The next question was are the drugs acting synergistically or not? One approach of determining drug synergy is by calculating combination index (CI) values for multiple drug combinations using the Chou and Talalay method [32]. CI values were calculated for each separate combination of leflunomide and selumetinib (non-constant ratio). This was done for all eight of the melanoma cell lines. For each cell line, two graphs were plotted to demonstrate the synergism of the two drugs as shown in Figure 4B(i) and 4B(ii). For the majority of the lines tested, high dose leflunomide (50 μM) showed synergistic effects when used in combination with selumetinib (Table 2).

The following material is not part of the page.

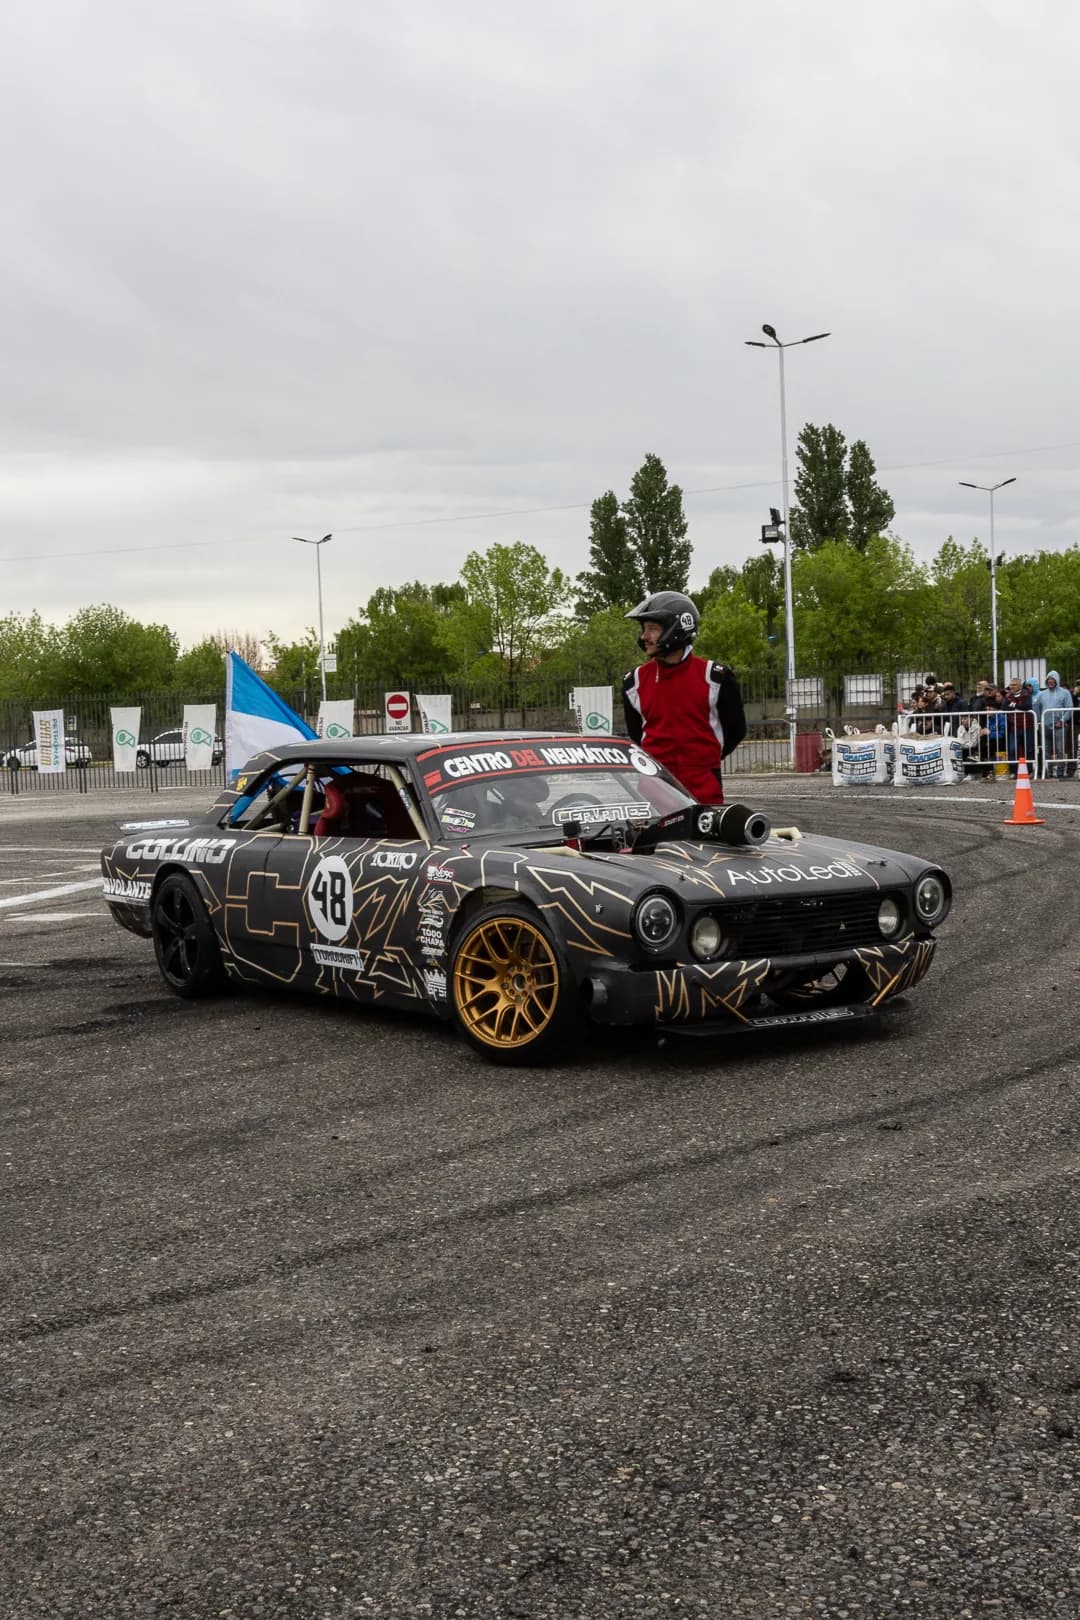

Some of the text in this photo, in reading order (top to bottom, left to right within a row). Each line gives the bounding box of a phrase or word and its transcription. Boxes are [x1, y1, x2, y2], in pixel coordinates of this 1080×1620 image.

Table 2: Summary CI values for all melanoma cell panel*
Leflunomide 12.5 μM | Leflunomide 25 μM | Leflunomide 50 μM | |||||||
|---|---|---|---|---|---|---|---|---|---|
Melanoma cell line | MEKi 0.025 μM | MEKi 0.05 μM | MEKi 0.1 μM | MEKi 0.025 μM | MEKi 0.05 μM | MEKi 0.1 μM | MEKi 0.025 μM | MEKi 0.05 μM | MEKi 0.1 μM |
A375 | 1.621 | 1.526 | 1.561 | 1.59 | 1.699 | 1.814 | 1.414 | 1.507 | 1.646 |
M375 | 0.528 | 0.661 | 0.834 | 0.473 | 0.549 | 0.754 | 0.328 | 0.327 | 0.519 |
M296 | 0.837 | 1.103 | 1.479 | 1.249 | 1.13 | 1.381 | 0.897 | 0.703 | 0.655 |
M202 | 1.059 | 1.182 | 1.42 | 1.1 | 1.013 | 1.13 | 0.947 | 0.532 | 0.603 |
M229 | 0.827 | 0.743 | 0.939 | 1.011 | 0.831 | 0.94 | 0.801 | 0.617 | 0.846 |
M285 | 0.704 | 0.95 | 1.033 | 0.657 | 0.709 | 0.777 | 0.568 | 0.665 | 0.515 |
SKMEL28 | 0.536 | 0.699 | 1.279 | 0.812 | 0.841 | 1.444 | 1.031 | 0.85 | 1.058 |
SKMEL 5 | 1.397 | 1.393 | 0.3 | 1.301 | 1.445 | 0.237 | 1.381 | 1.152 | 0.112 |
*Purple indicates antagonism, orange indicates additive and green indicates synergism.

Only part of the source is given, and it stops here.